Tuve mucha dificultad para adaptarme a la idea y a la estructura del libro con estos personajes que me hicieron sentir ofuscada. Usualmente tomo un libro y no lo suelto hasta no terminarlo y lo disfrutó infinitamente. No sabes cuántas veces tomé las lecturas y las tuve que dejar, diciendo: ¡no! Las soltaba por un buen rato y no podía regresar a ellas fácilmente. 

La razón, como lo mencioné antes, tiene que ver con la similitud del pensar de algunos personajes con personas conocidas, y con la frustración que me provocaba el desenlace de las dinámicas que afectan nuestra sociedad; y claro, en mi posición como lectora, no se me permitía hacer ningún cambio. Me sentía frustrada y sin poder dialogar para crear un cambio. 

Hace un tiempo tuve la oportunidad de relacionarme con una familia de Israel y me sorprendió cómo eran capaces de mantener una relación aun cuando existía tanto antagonismo entre ellos. Sin embargo eso los unía. 

En mi esfuerzo por desarrollar y crear ideas en mi postura como docente en mis años universitarios, tuve la oportunidad de ejercer ese poder de crear puentes para que otros pudiesen navegar espacios difíciles, de abrir ventanas para que otros viesen más claro y facilitar la comunicación, como lo hace M. Zakheim.
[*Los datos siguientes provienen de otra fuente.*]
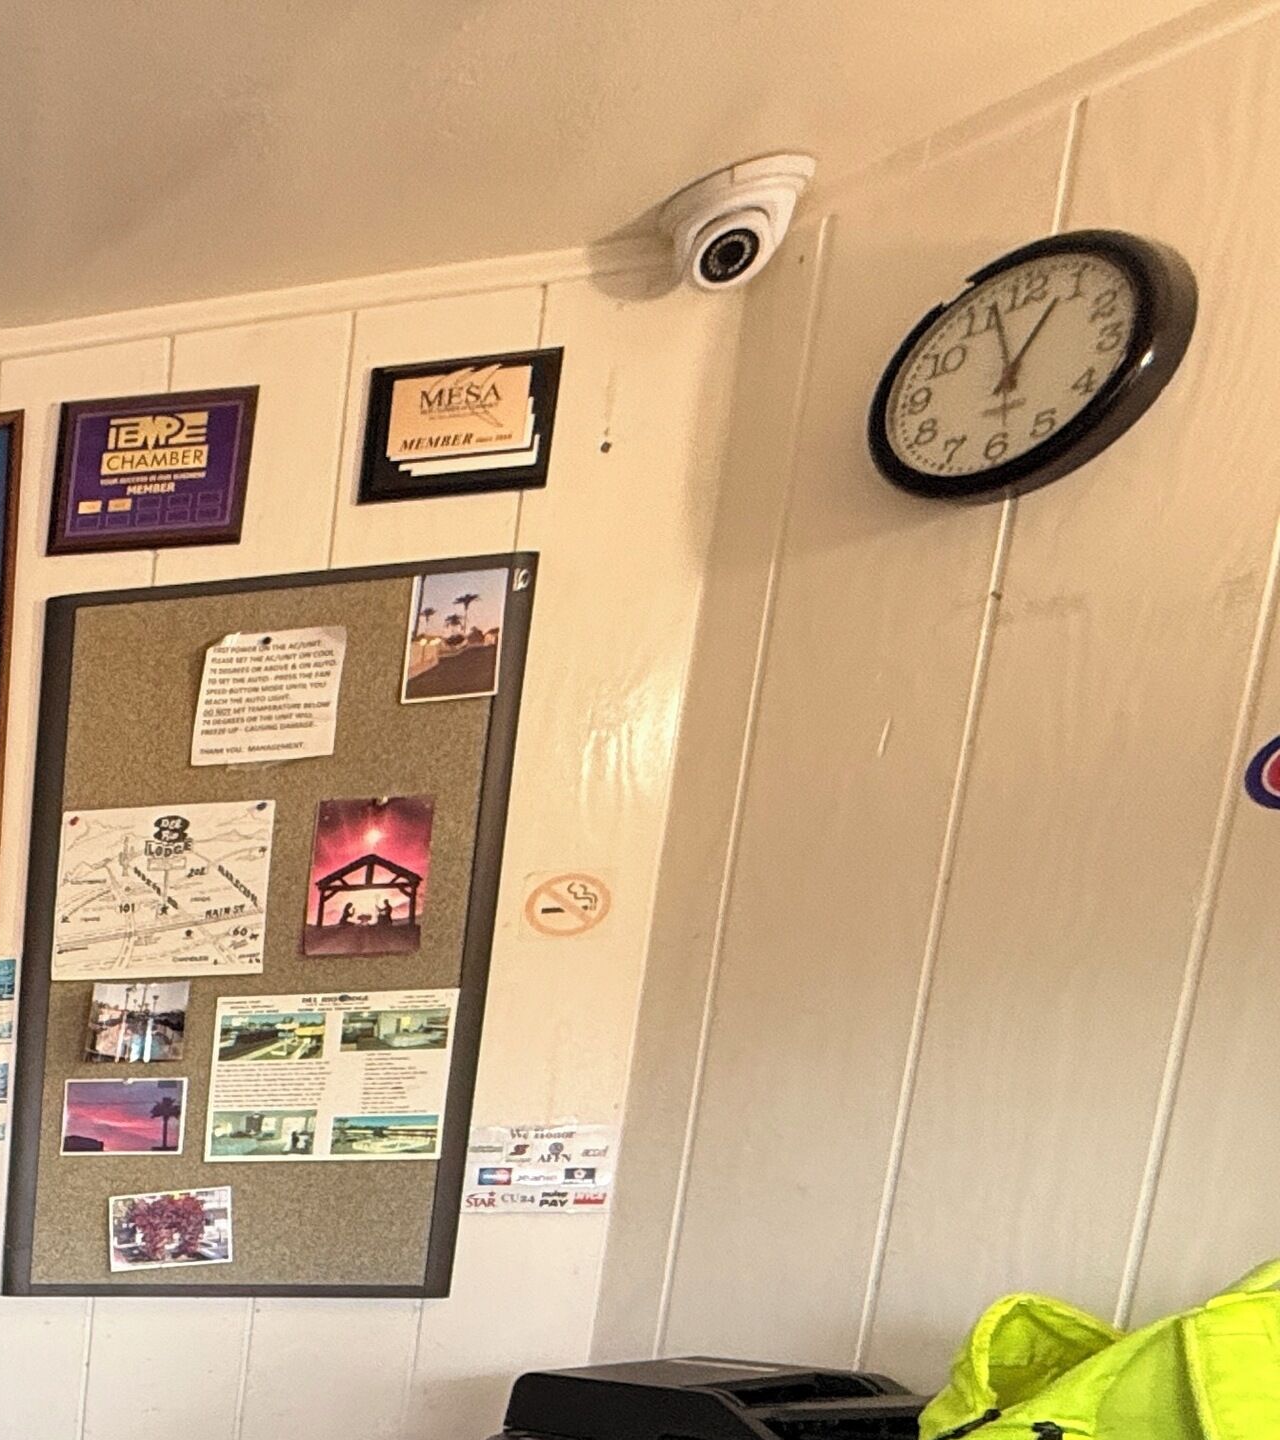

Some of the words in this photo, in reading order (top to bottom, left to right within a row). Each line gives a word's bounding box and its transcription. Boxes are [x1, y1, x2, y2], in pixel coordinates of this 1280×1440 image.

La enfermedad y las catástrofes inesperadas casi siempre traen con ellas nuevas oportunidades para reanudar y encontrar formas alternas, y así generar una unión. Es algo que la naturaleza nos provee con el paso del tiempo

Hace unos meses me enteré de que creció la grama y las praderas tomaron de nuevo su tono verde fértil. En el mes de octubre y noviembre se reúnen allí los patos y los gansos que hacen su viaje migratorio de Norte a Sur y buscan alimentarse en su camino. El lago detrás de la casa los atrae y provee un punto de descanso antes de llegar a su destino. En el jardín se reúne una comunidad de Hasidic Jews en la temporada de verano, y disfrutan la sombra de los árboles. Hace un tiempo, mi querida hermana convaleciente y yo, pasamos el verano en la montaña no muy lejos de lo que vendría a ser la casa soñada, disfrutando todo lo que la montaña provee: tranquilidad, largas caminatas en la noche y armonía bajo un brillante firmamento. En el verano allí no llueve, pero de vez en cuando se pone el cielo gris y suenan los relámpagos, especialmente después de un día caluroso. 

Durante mi estadía en Mérida he tenido la oportunidad de visitar los lugares que hasta no hace mucho, estaban en ruinas, enterrados, casi olvidados, y hoy por hoy están de nuevo llenos de vida. Son lugares de encuentro, donde sueños y deseos se realizan diariamente, minuto a minuto, hora a hora, día a día. 

Volviendo al tema de las conexiones y de renovar los lazos ahora que el tiempo del proyecto se nos acorta, te/les extiendo la invitación de conectarnos. Esta es una invitación pendiente para los que deseen ser partícipes de ella y así forjar nuevas amistades. Sería lindo organizar un evento y así compartir nuestras diferentes formas de creatividad. ¿Qué les parece? 

Me alegró mucho tu carta que habla de Medusa y cómo tuvo el poder de facilitar un reencuentro y un diálogo. Siento mucho por ti la pérdida que acabas de tener y el caos que ha resultado de ella. Pero, hay algo que yo trato de recordar cuando algo así me sucede, un dicho que mi abuela solía decir ante la adversidad: “No hay mal que por bien no venga” y “Una puerta se cierra para que se abra otra mejor”. 

Que tengas una semana llena de nuevas oportunidades. 

Tu amiga (si deseas) 

D. 

No prometo contestar de inmediato pero sí contestaré.